Mais l’État, dans toute sa lourdeur bureaucratique, peut-il être compétitif dans un secteur dynamique, innovant, « schumpétérien » ? En fait, lorsqu’on regarde le piètre résultat de l’industrie privée en termes d’innovation thérapeutique, on est en droit de penser que le secteur public pourrait difficilement faire pire. En 2010, 76 % des nouveaux médicaments brevetés mis sur le marché au Canada ne présentaient aucune innovation thérapeutique importante par rapport aux médicaments déjà existants. Le modèle d’affaires de l’industrie reste basé sur la méga-promotion de nouveaux médicaments qui ne sont en fait que des compléments de gamme (me-too drugs). Une étude publiée dans le Health Affairs de février 2011 montre plutôt que la recherche publique a joué un rôle central dans la plupart des véritables innovations thérapeutiques. Ce n’est pas surprenant : la recherche pharmaceutique est un processus long, complexe et coûteux.

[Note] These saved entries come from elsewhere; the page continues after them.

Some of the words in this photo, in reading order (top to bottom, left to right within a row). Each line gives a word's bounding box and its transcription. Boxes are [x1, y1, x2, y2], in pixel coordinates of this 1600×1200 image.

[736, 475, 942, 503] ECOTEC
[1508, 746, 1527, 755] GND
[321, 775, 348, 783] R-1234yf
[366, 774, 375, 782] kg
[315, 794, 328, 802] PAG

Si cette recherche se structure à partir d’incitatifs financiers à court terme, alors la seule garantie de rentabilité est de re-breveter un médicament déjà existant en modifiant minimalement la molécule et de mobiliser une armée de représentants et représentantes pharmaceutiques pour modifier les habitudes de prescription des médecins.

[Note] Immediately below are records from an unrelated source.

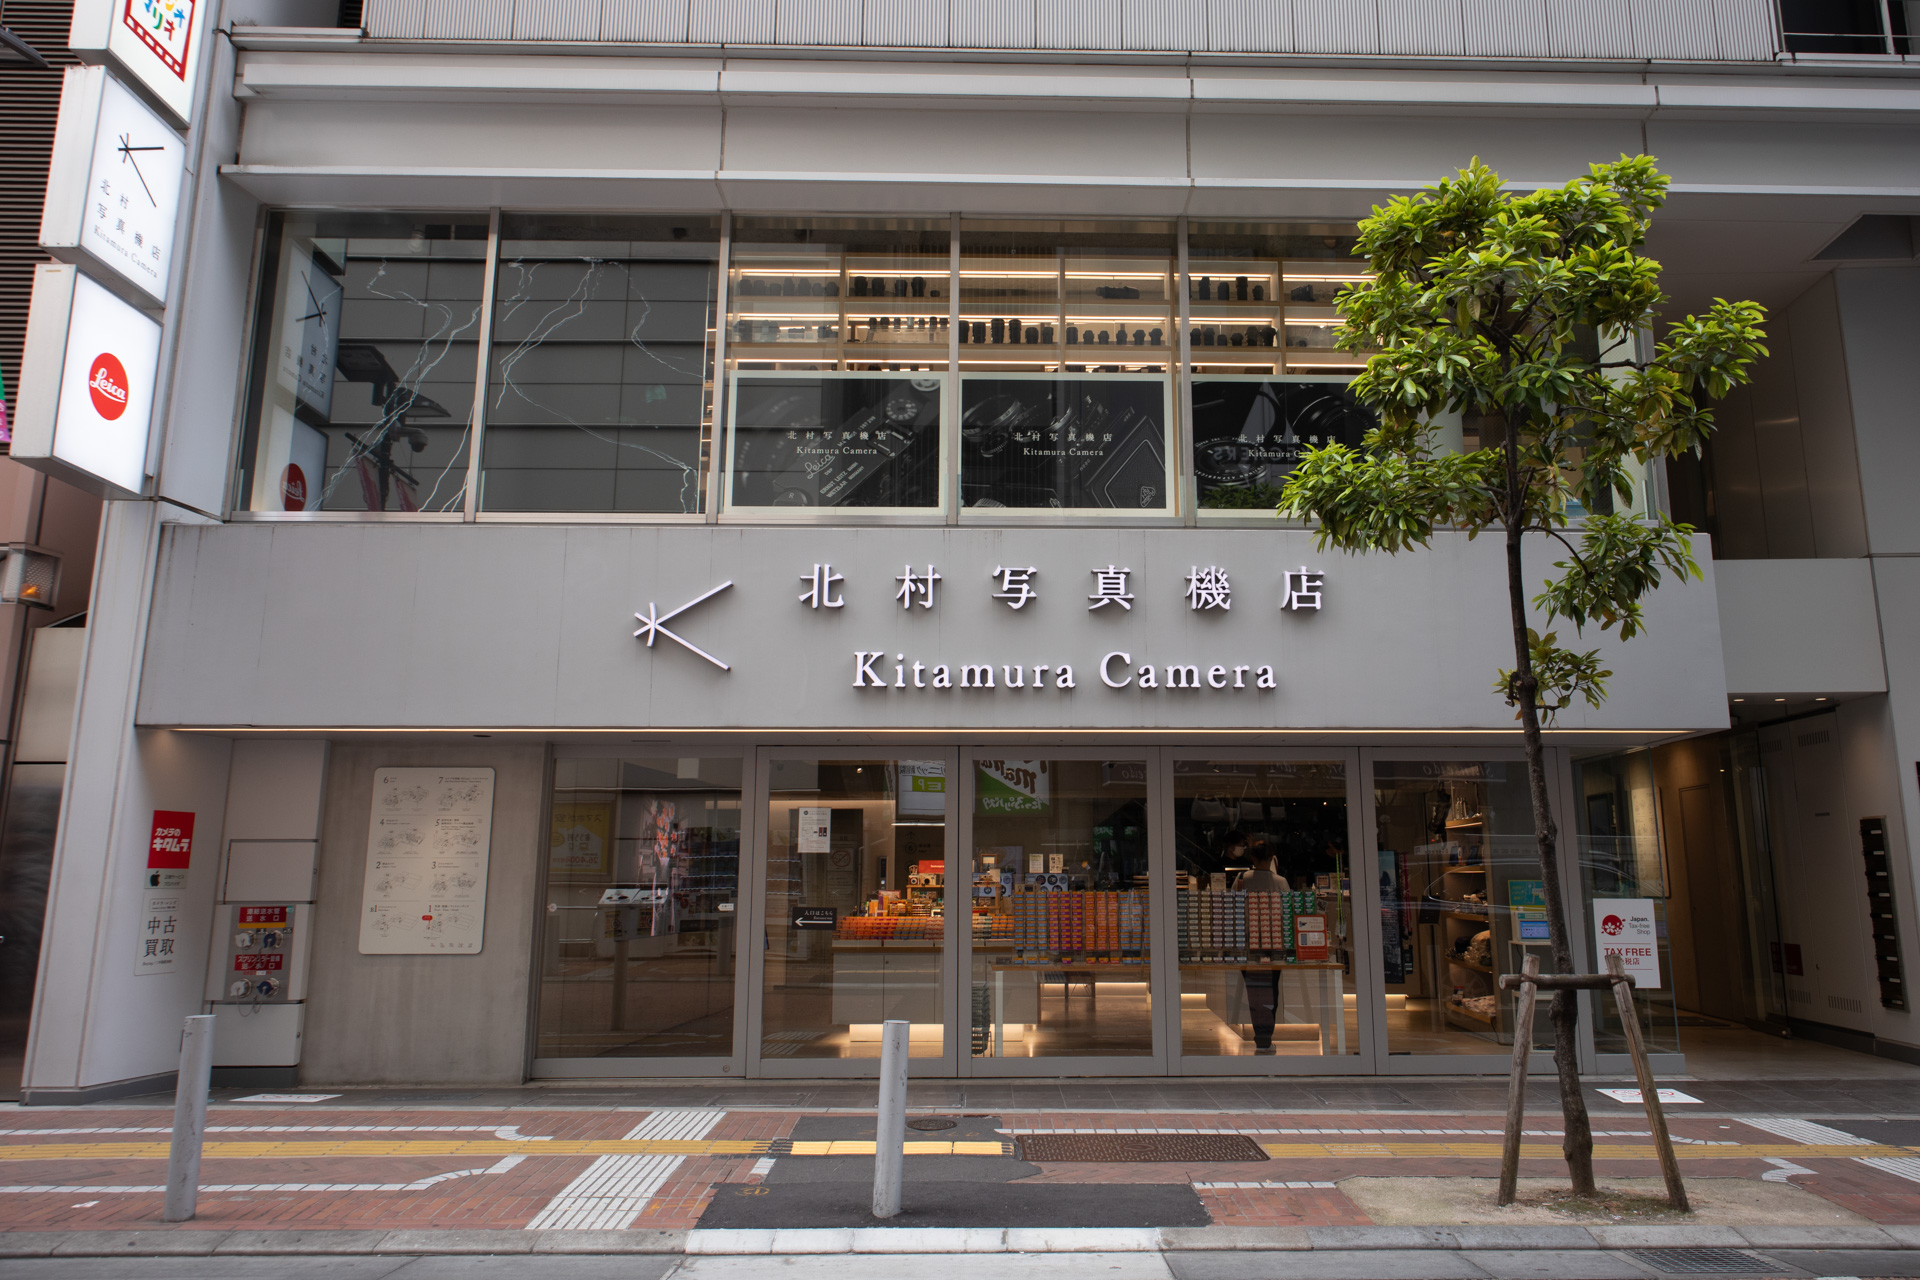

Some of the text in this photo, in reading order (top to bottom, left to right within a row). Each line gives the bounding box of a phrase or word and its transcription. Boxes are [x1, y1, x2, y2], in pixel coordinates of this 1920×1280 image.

[100, 179, 130, 209] 北村
[97, 202, 161, 261] 写真機店
[94, 225, 158, 278] Kitamura Camera
[90, 368, 126, 403] Leica
[788, 430, 887, 441] 北村写真機店
[1013, 432, 1113, 442] 北村写真機店
[797, 446, 878, 455] Kitamura Camera
[1023, 447, 1104, 456] Kitamura Camera
[1248, 449, 1291, 458] Kitamura
[805, 453, 836, 480] Leica
[799, 564, 1326, 611] 北村写真機店
[853, 651, 1278, 690] Kitamura Camera
[383, 776, 389, 784] 6
[438, 776, 444, 785] 7
[379, 818, 385, 826] 4
[435, 818, 441, 827] 5
[155, 827, 181, 837] カメラの
[152, 838, 190, 853] キタムラ
[376, 861, 381, 869] 2
[431, 861, 437, 869] 3
[148, 916, 177, 935] 中古
[144, 938, 175, 957] 買取
[1604, 948, 1652, 956] TAX FREE

Nous sommes dans un système complètement absurde. Les contribuables du Québec paient déjà l’essentiel de la R. et D. du secteur pharmaceutique et le gouvernement octroie des avantages disproportionnés pour soutenir une industrie qui ne génère des retombées intéressantes ni sur le plan économique, ni sur le plan thérapeutique. Pourtant, la seule solution envisagée par l’État québécois est de pelleter davantage d’argent dans le gouffre financier actuel en octroyant toujours plus d’avantages aux firmes dans le but d’attirer l’investissement. Soyons clairs, ce modèle dépassé ne fonctionne plus, il faut envisager d’autres options.